News / Halifax

Halifax police budget sent back, firefighters budget approved

Council's budget committee looked at Halifax Regional Police and Halifax Regional Fire and Emergency budgets, both with 10 per cent increases causing a tax hike.

Halifax City Hall

Jeff Harper/Metro / Halifax Staff

Halifax City Hall

Halifax regional councillors debated how to pay to protect the public on Wednesday, reviewing the policing and firefighting budgets for the 2018 fiscal year, totalling more than $150 million.

After a contract arbitration decision last year, both Halifax Regional Police and Halifax Regional Fire and Emergency presented 10 per cent increases to pay for millions in extra wages.

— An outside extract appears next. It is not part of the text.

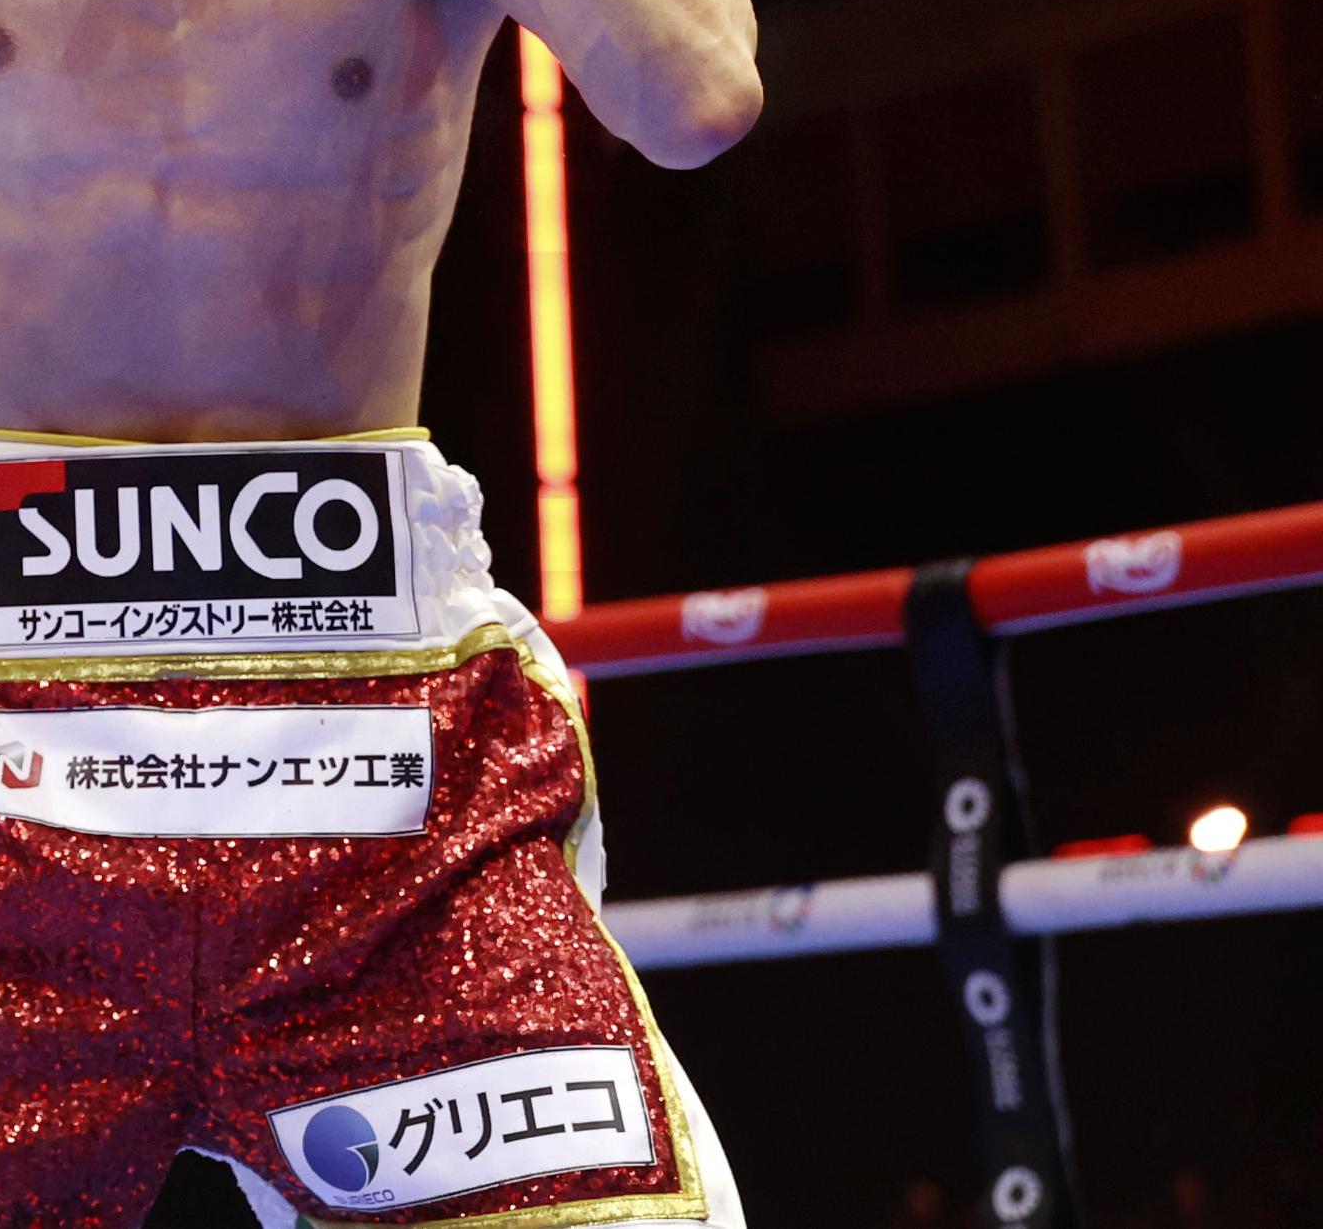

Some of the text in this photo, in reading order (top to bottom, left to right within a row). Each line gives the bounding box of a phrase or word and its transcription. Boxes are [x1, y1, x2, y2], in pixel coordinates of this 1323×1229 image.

[15, 470, 380, 581] SUNCO
[18, 599, 374, 641] サンコーインダストリー株式会社
[65, 752, 425, 790] 株式会社ナンエツ工業
[387, 1078, 627, 1175] グリエコ

Those increases are the major driver for a 1.9 per cent, or $35, increase to the average property tax bill. That increase was already approved by council last year, but councillors held off on further increases – at least for now.

The Halifax Regional Police budget, recommended by the Board of Police Commissioners, included an extra $550,000 on top of the previously approved increase. That money would mainly go to hiring seven new employees.

Councillors voted to send that budget back to the Board of Police Commissioners to cut the extra $550,000.

Board chair Coun. Steve Craig told reporters after Wednesday’s meeting that that doesn’t necessarily mean those extra seven employees won’t be hired.

“Nothing’s off the table here,” he said. “We’ll look at the total organization and see what leverage we can pull.”

The Board meets Feb. 26, and will put together that new budget, and then bring it back to council in March. Council will then have a choice: approve the original extra $550,000 or approve the new smaller budget.

Councillors also heard a request for more money for Halifax District RCMP, which is looking to hire six new officers, asking for $225,000 to start.

“I think you can well appreciate that the growth within Halifax District has been ongoing, and the regular members to respond to the needs of the district has not, in eight years,” RCMP Chief Supt. Lee Bergerman told councillors.

Bergerman said the new officers would help with what she calls growing pressures due to cannabis legalization, opioids, and mental health calls. Without the new hires, she said RCMP might have to cut school liaison officers.

Councillors voted to add that item to their budget parking lot – a growing wish list of budget items from each municipal department.

Halifax Regional Fire and Emergency’s budget got the green light on Wednesday, and councillors voted to add $840,000 in additional funding requests, including training materials and uniforms, to the parking lot.

“These are costs that have been historically underfunded,” CAO Jacques Dubé told councillors.

The parking lot total now sits at $2.6 million. If all those items are approved in late-March, that could mean an additional increase of $10.25 to the average property tax bill.